Among Quebec authors, Gabriella Kinté Garbeau chose the essay Racists don’t have never seen the sea, by Rodney Saint-Éloi and Yara El-Ghadban. “Racism is a delicate subject, she says, you have to dare to approach it. »
“The problem with racism right now is that people don’t recognize that it’s systemic, and one of the strategies to deal with it is to always say that the problem is the other, not recognizing oneself in the mirror. To think, for example, that racism is the result of a few bad apples, that these are isolated cases. […] When racialized authors talk about their experience and their experiences as they do, a person with the slightest critical sense will say “it’s racism”, there is no other word to describe it. »
In the poetry department, Gabriella Kinté Garbeau chose Saint Chloe of love by Chloé Savoie-Bernard, to put a touch of Montreal in her selection, and because her book reads very well for people in a hurry. She also offers The hill we climb, by Amanda Gorman, which she discovered, like all of America, when reading her poem on the day of Joe Biden’s swearing-in. “What she’s doing brings hope,” she says. She talks about a diverse people, and uses key words, like reconcile and stand up. »
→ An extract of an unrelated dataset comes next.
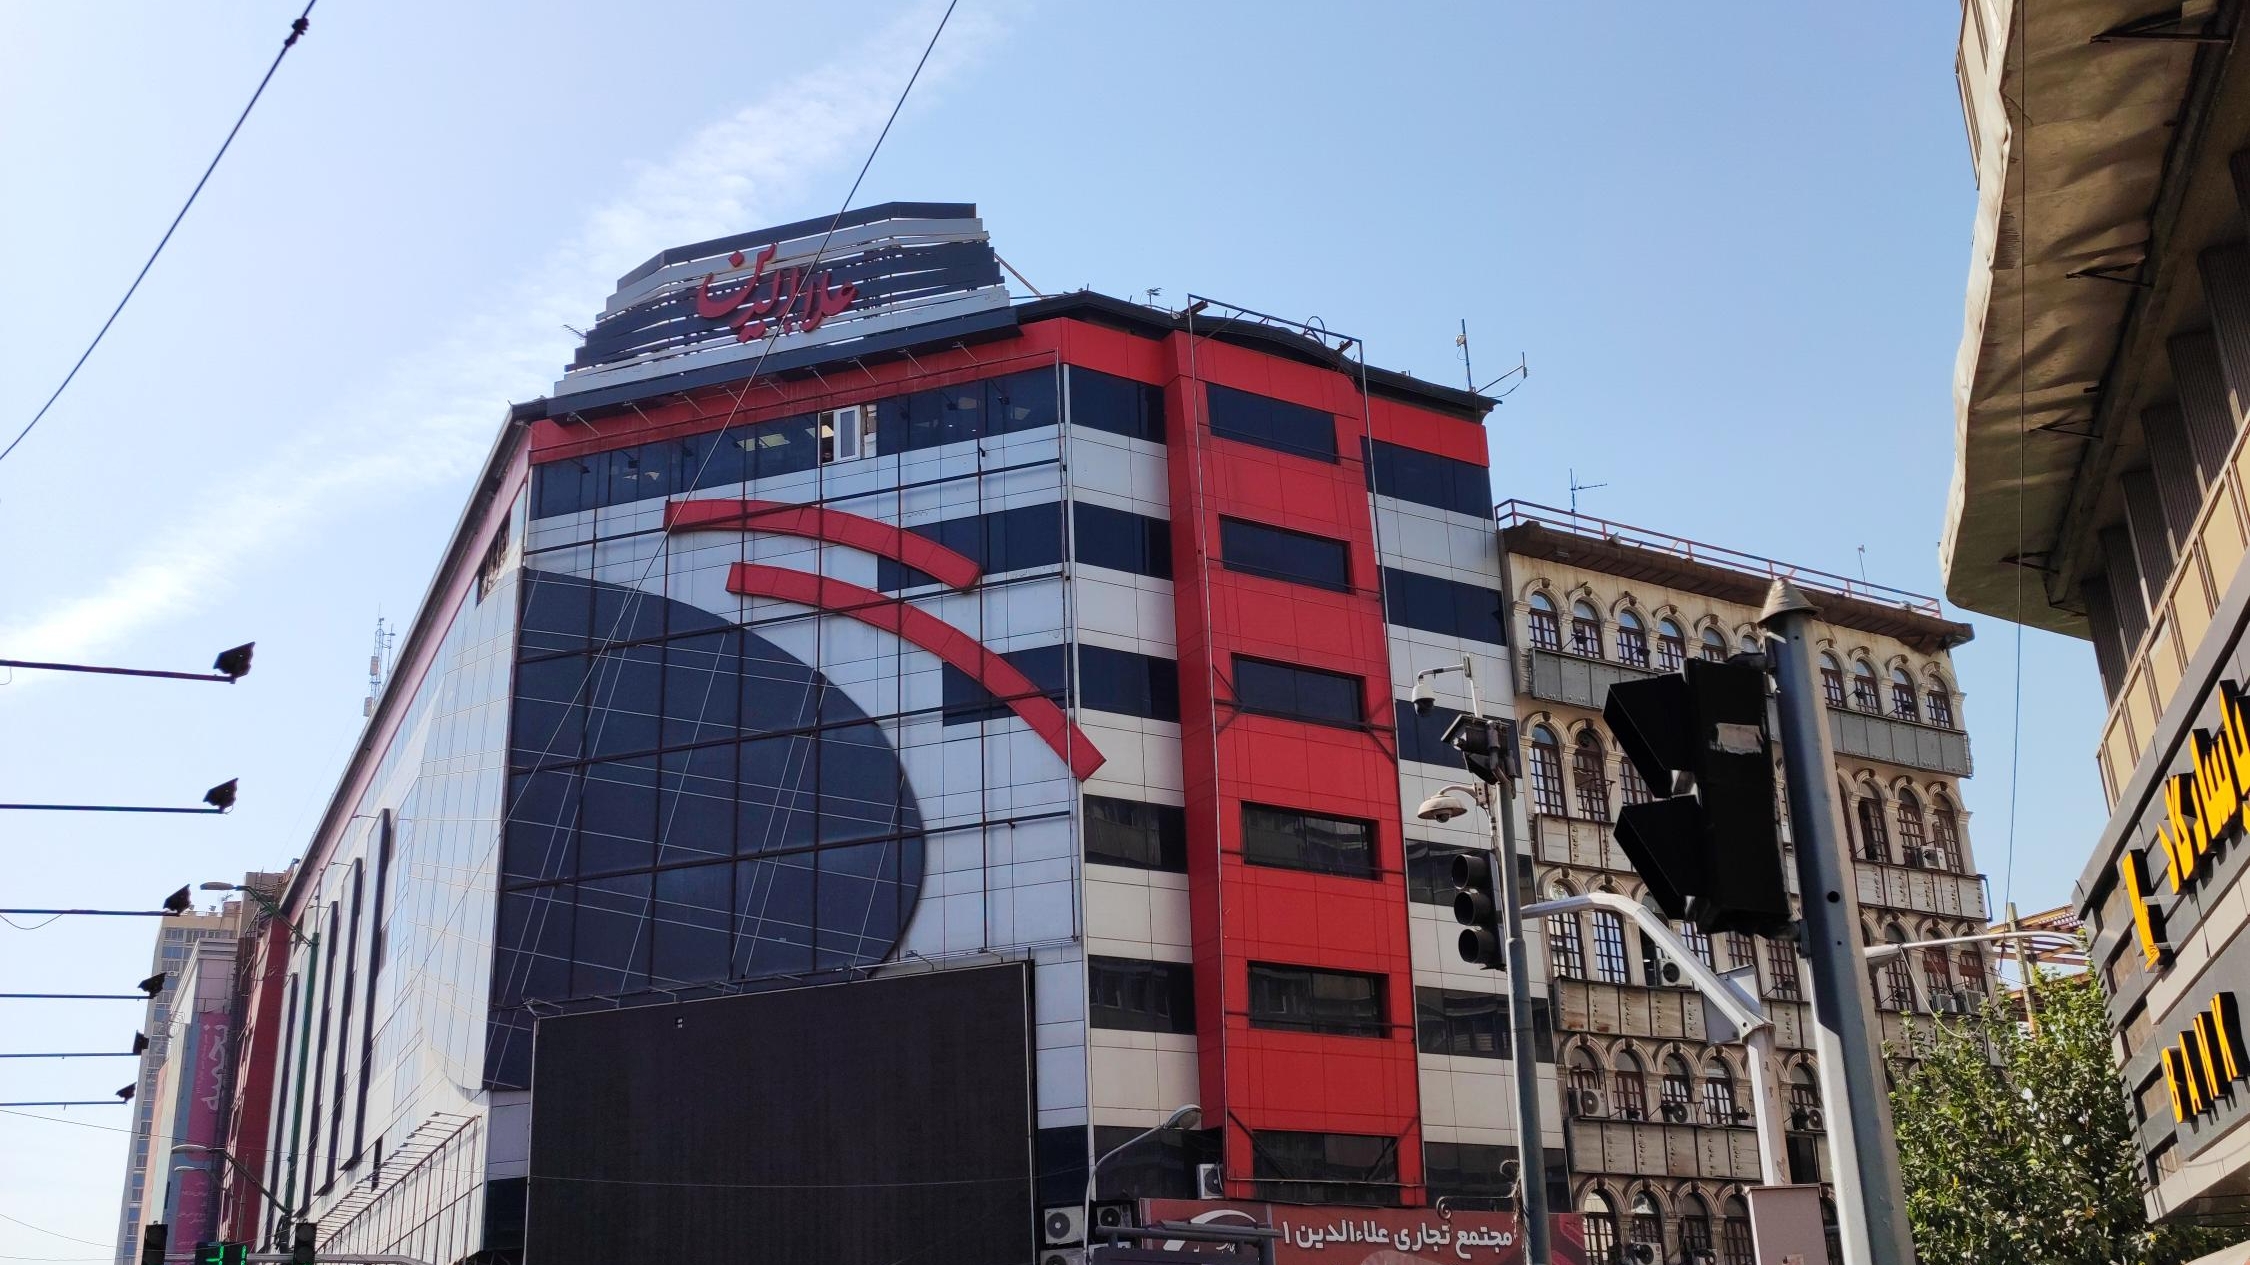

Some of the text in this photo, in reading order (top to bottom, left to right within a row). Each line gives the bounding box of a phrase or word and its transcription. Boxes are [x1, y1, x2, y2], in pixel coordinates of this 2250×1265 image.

His selection ends with Wake up Americaa, a comic strip in which John Lewis recounts his own fight for the emancipation of blacks in American society, with the complicity of Andrew Aydin and Nate Powell.
“It’s an accessible book about the struggle for civil rights. And that gives a way of seeing that there is a chronology in the events, that the Black Lives Matter movement is a continuity of its struggles. It’s not Quebec, it’s something American. Very often, we say that it is not the same thing, but there are still parallels to be drawn, ”she says.